That AI suffers from biases is well documented. The scale of those biases is reflected in a couple of studies from the University of Michigan, which show that Black patients are less likely to receive the kind of medical tests that could detect severe diseases than their white peers.
This then means that Black patients are more likely to be assumed to be healthy, even when they’re not, with this mistaken data being used to train AI systems and therefore perpetuate the situation and underestimate illness in Black patients. Thankfully, the second study showcases how this situation can be rectified.
Unequal testing
The researchers found that medical testing rates are nearly 5% higher for white patients than for Black patients, even when all other factors are identical. They suggest that this might be partly explained by the different hospital admission rates, with white patients more likely to be assessed as ill, and therefore admitted to hospital.
“If there are subgroups of patients who are systematically undertested, then you are baking this bias into your model,” the researchers explain. “Adjusting for such confounding factors is a standard statistical technique, but it’s typically not done prior to training AI models.

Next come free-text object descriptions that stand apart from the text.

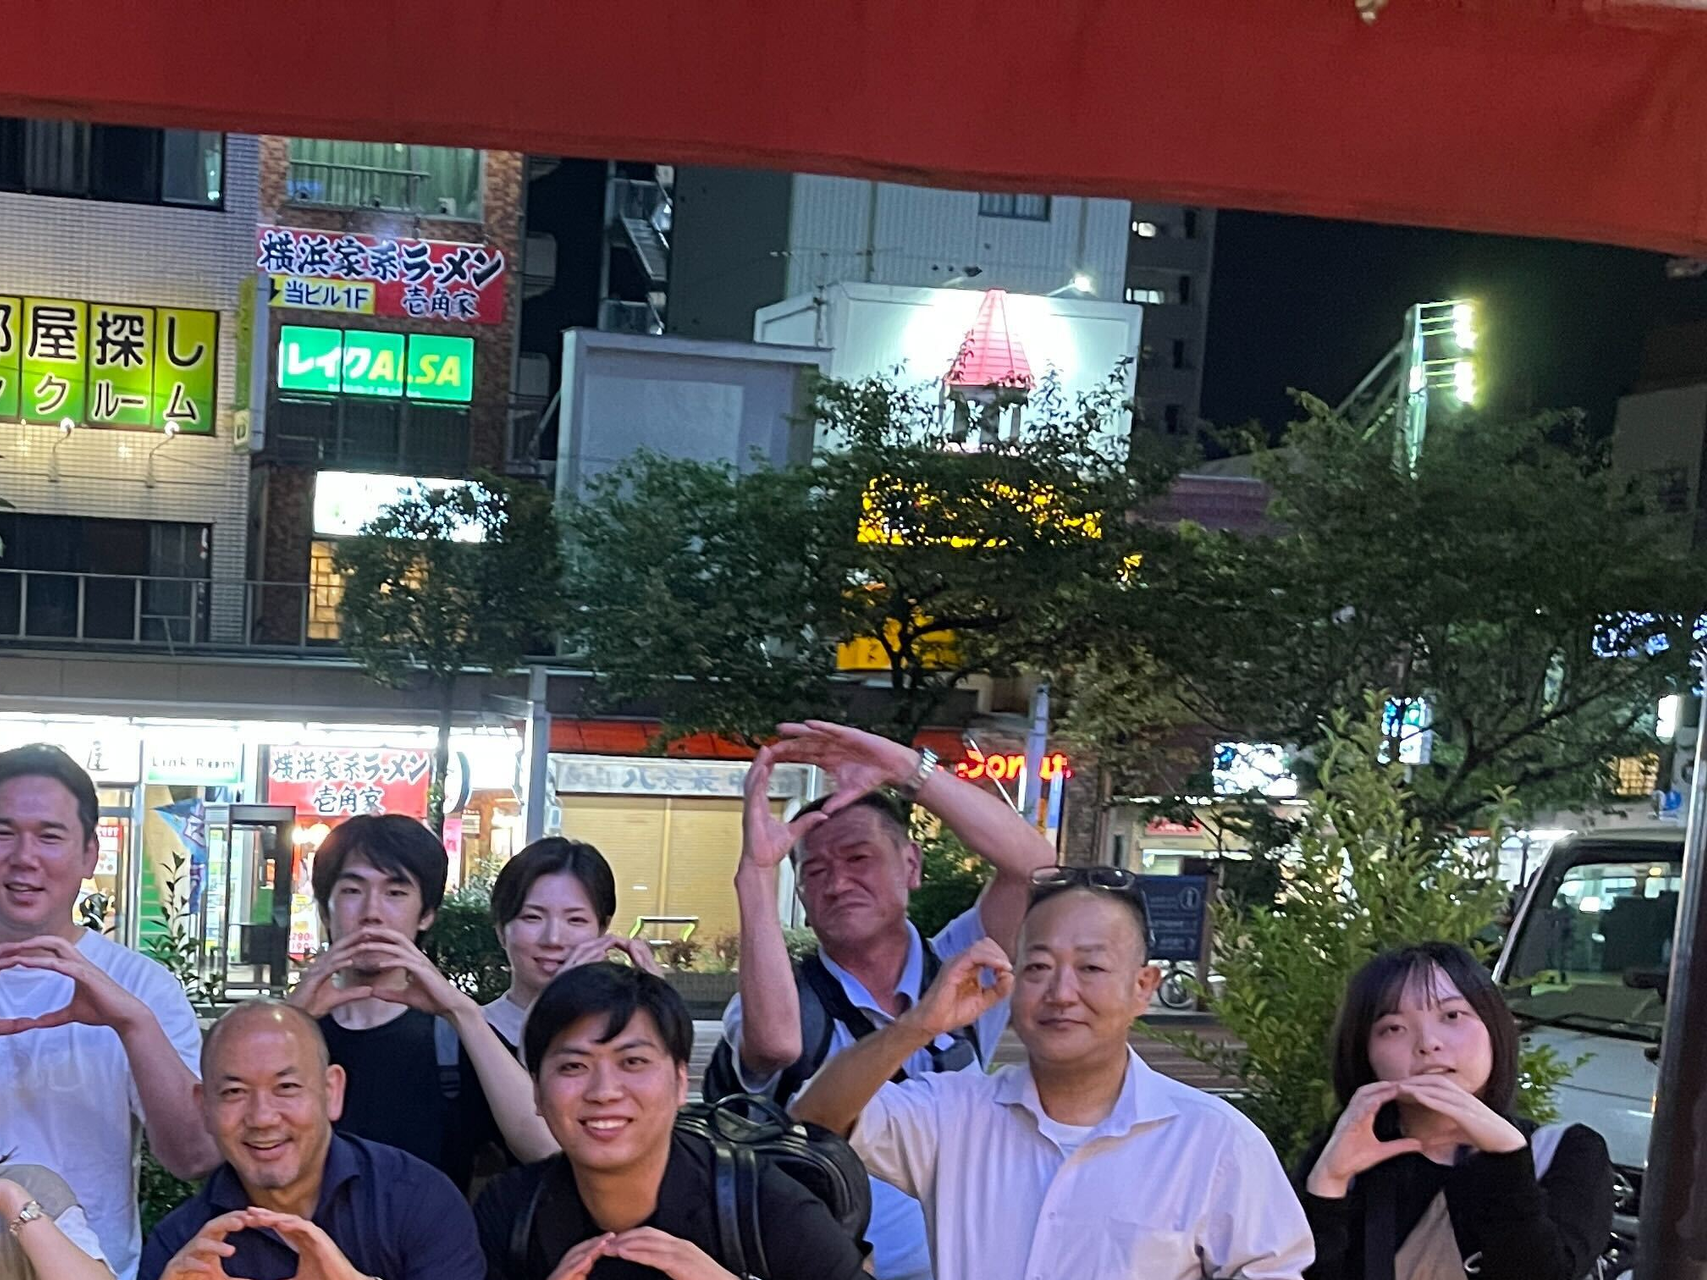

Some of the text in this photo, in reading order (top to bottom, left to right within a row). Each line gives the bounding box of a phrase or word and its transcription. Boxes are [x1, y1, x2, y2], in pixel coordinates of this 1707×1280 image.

[258, 231, 505, 290] 横浜家系ラーメン
[285, 280, 369, 309] 当ビル1F
[402, 286, 480, 320] 壱角家
[272, 751, 430, 782] 横浜家系ラーメン
[314, 784, 384, 814] 壱角家

When training AI, it’s really important to acknowledge flaws in the available data and think about their downstream implications.”
To make AI accurately predict illnesses across different groups of patients, researchers need to account for biases in medical data. One approach is to train the AI on less biased data, like records of patients who have had diagnostic tests. But this can create its own problems, since it could make the model less accurate for healthier patients who don’t get tested as often.
Fixing the bias
To fix the bias without leaving out patient records, researchers designed an algorithm that estimates whether untested patients might be ill, based on vital signs like blood pressure and demographic factors like race. The algorithm considers race because records of Black patients are often more affected by testing bias.

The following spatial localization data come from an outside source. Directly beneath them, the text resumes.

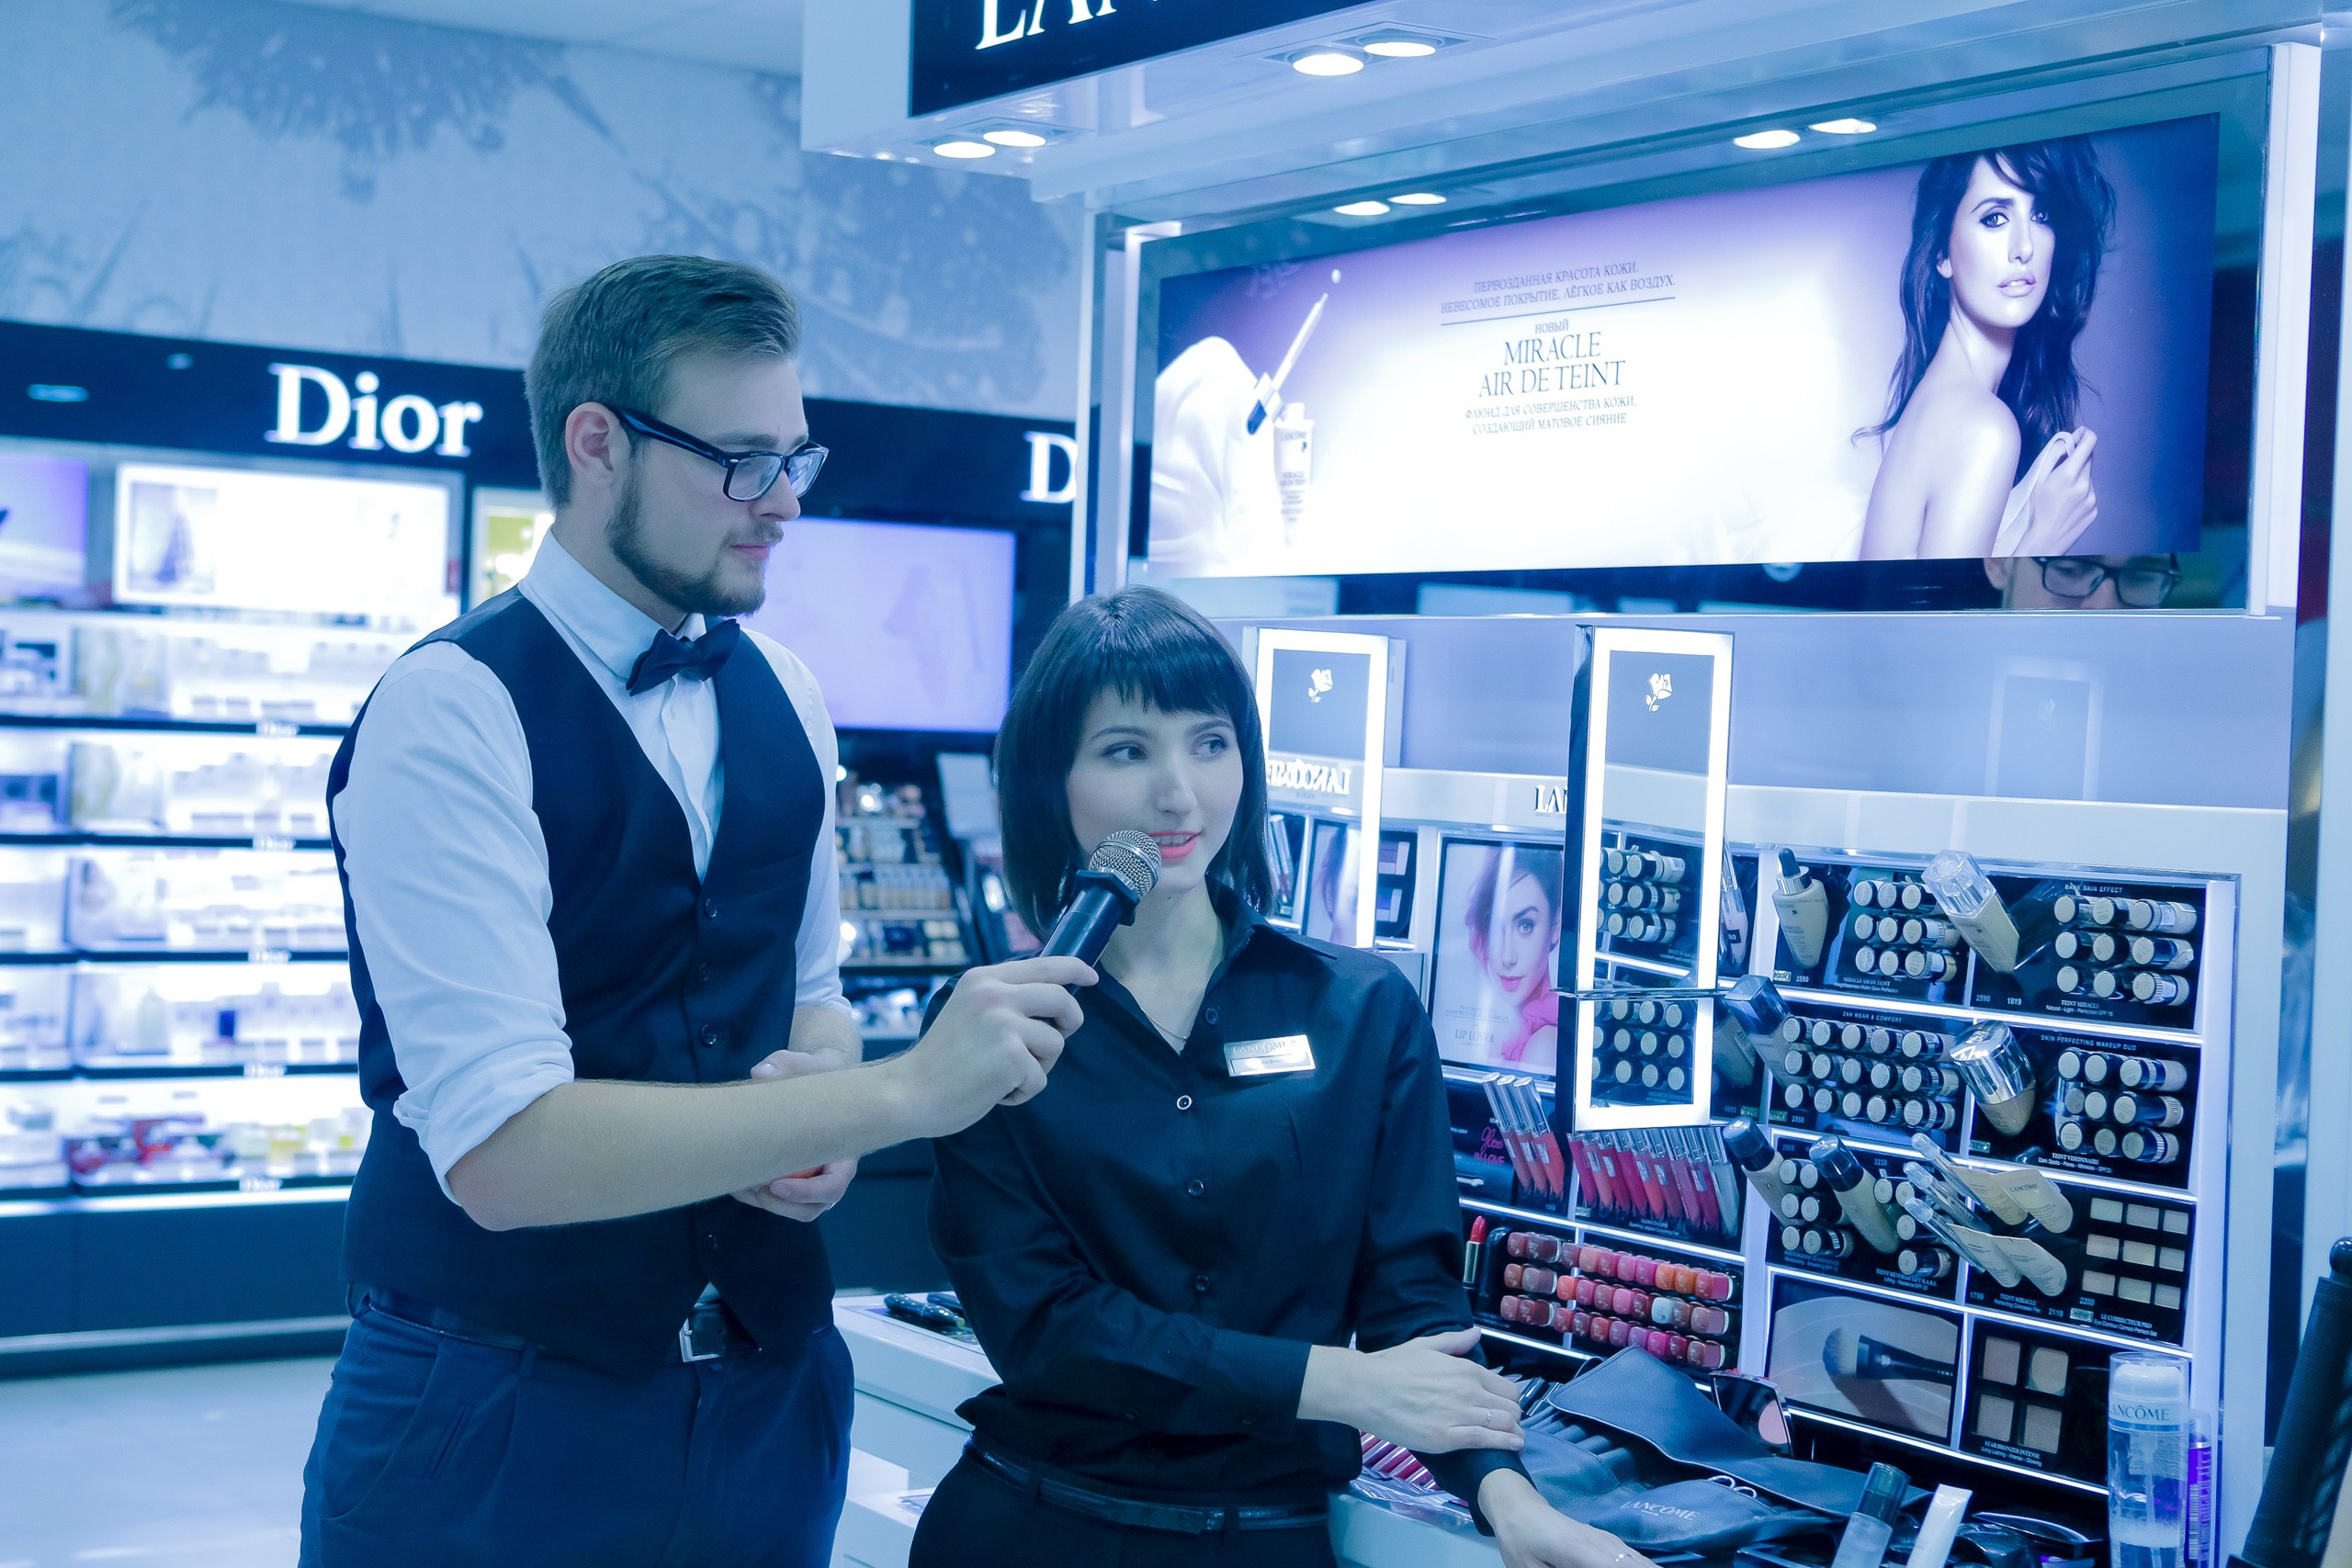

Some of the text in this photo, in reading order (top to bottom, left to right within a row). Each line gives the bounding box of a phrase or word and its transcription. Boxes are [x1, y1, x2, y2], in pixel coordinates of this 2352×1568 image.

[1474, 262, 1639, 293] ПЕРВОЗДАННАЯ КРАСОТА КОЖИ.
[1441, 296, 1501, 313] НЕВЕСОМОЕ
[1503, 289, 1561, 306] ПОКРЫТИЕ,
[1607, 279, 1628, 294] КАК
[1630, 275, 1676, 291] ВОЗДУХ.
[1534, 319, 1569, 333] НОВЫЙ
[1504, 332, 1601, 366] MIRACLE
[1478, 360, 1626, 397] AIR DE TEINT
[264, 362, 483, 457] Dior
[1502, 405, 1521, 417] ДЛЯ
[1522, 399, 1600, 415] СОВЕРШЕНСТВА
[1472, 412, 1627, 434] СОЗДАЮЩИЙ МАТОВОЕ СИЯНИЕ
[1455, 1029, 1495, 1043] LIP LOVER
[2057, 1036, 2094, 1046] PERFECTING
[2096, 1040, 2121, 1049] MAKEUP
[2123, 1043, 2137, 1051] DUO
[2109, 1404, 2169, 1420] ANCÔME

The researchers tested the algorithm on simulated data, introducing a known bias by relabeling some diagnosed patients as “untested and healthy.” Using this biased data to train a standard machine-learning model, they found that the algorithm-corrected model could identify sepsis about 60% of the time—much better than random guessing, which happened without the algorithm.

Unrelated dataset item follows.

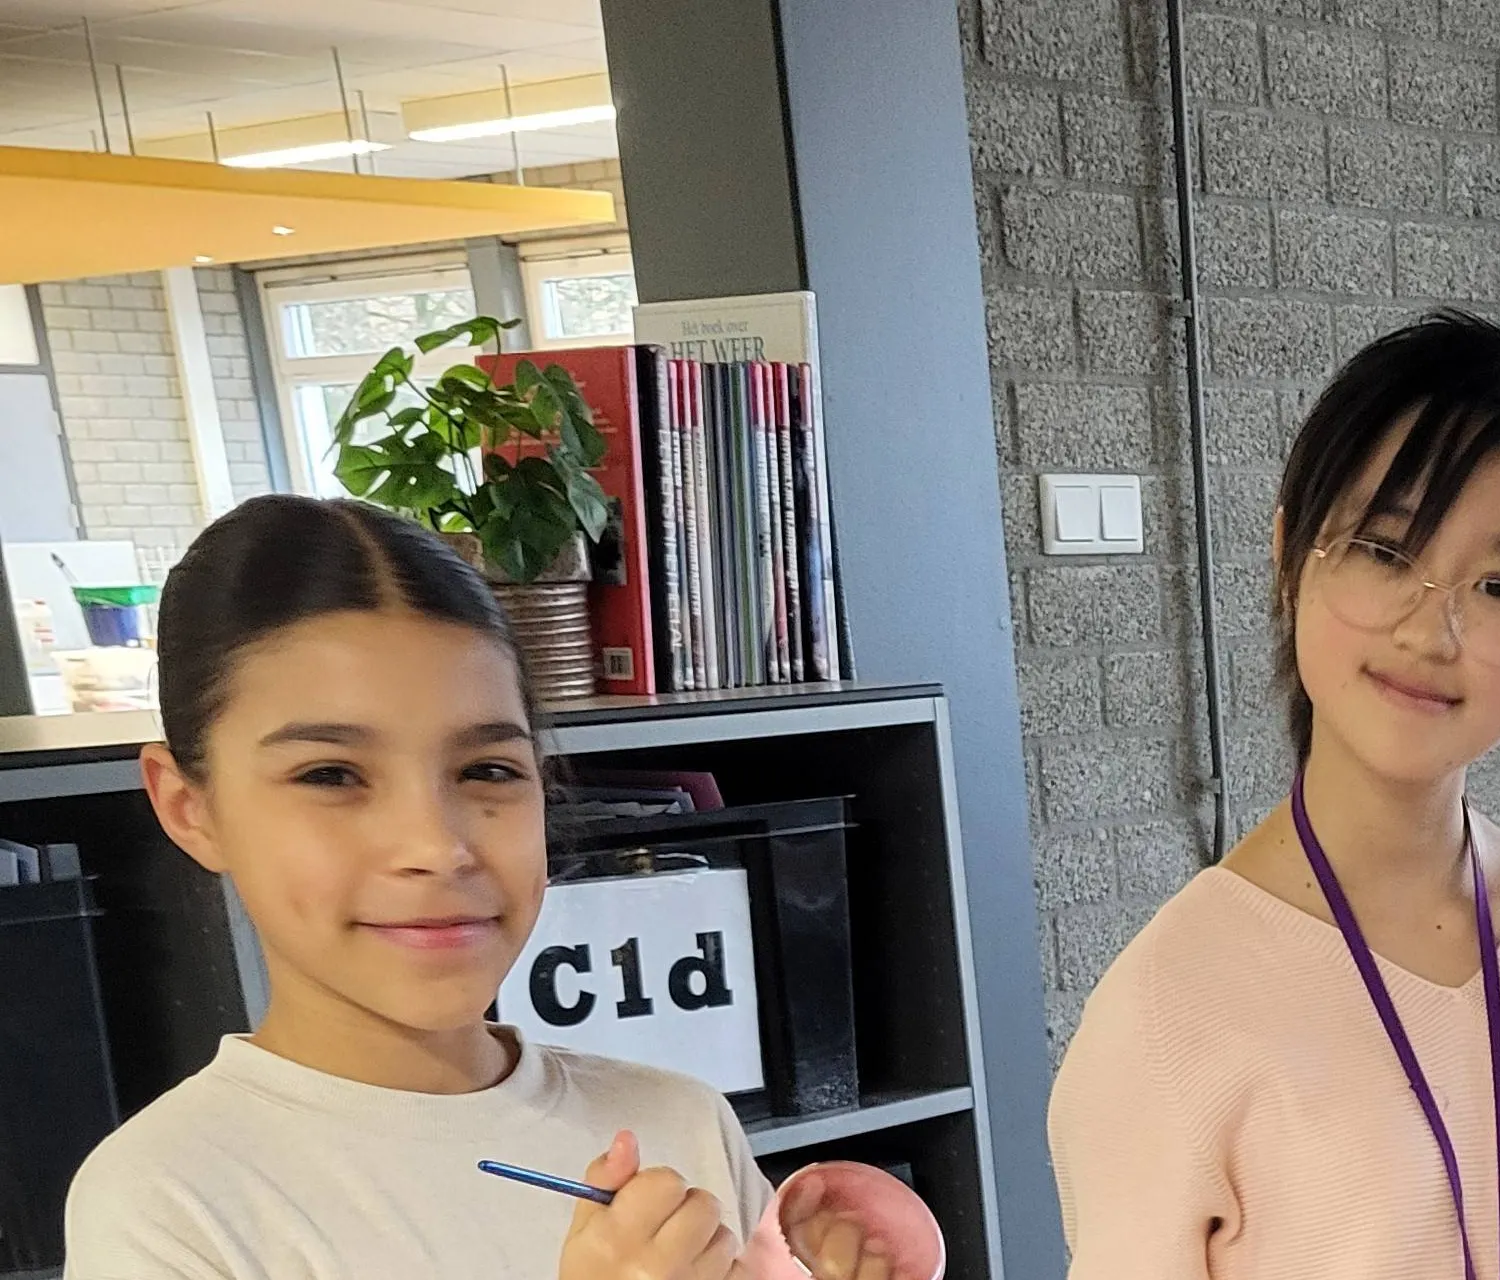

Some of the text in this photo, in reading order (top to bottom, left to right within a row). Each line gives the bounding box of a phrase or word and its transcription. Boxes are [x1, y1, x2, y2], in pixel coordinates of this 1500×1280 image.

[726, 320, 748, 334] over
[670, 336, 767, 361] HET WEER
[529, 930, 734, 1027] C1d

The model’s accuracy was close to that of a model trained on an ideal, unbiased dataset where everyone is equally tested. While such datasets are rare in the real world, the researchers’ method allowed the AI to work almost as well as it would with unbiased data.
“Approaches that account for systematic bias in data are an important step towards correcting some inequities in healthcare delivery, especially as more clinics turn toward AI-based solutions,” the authors conclude.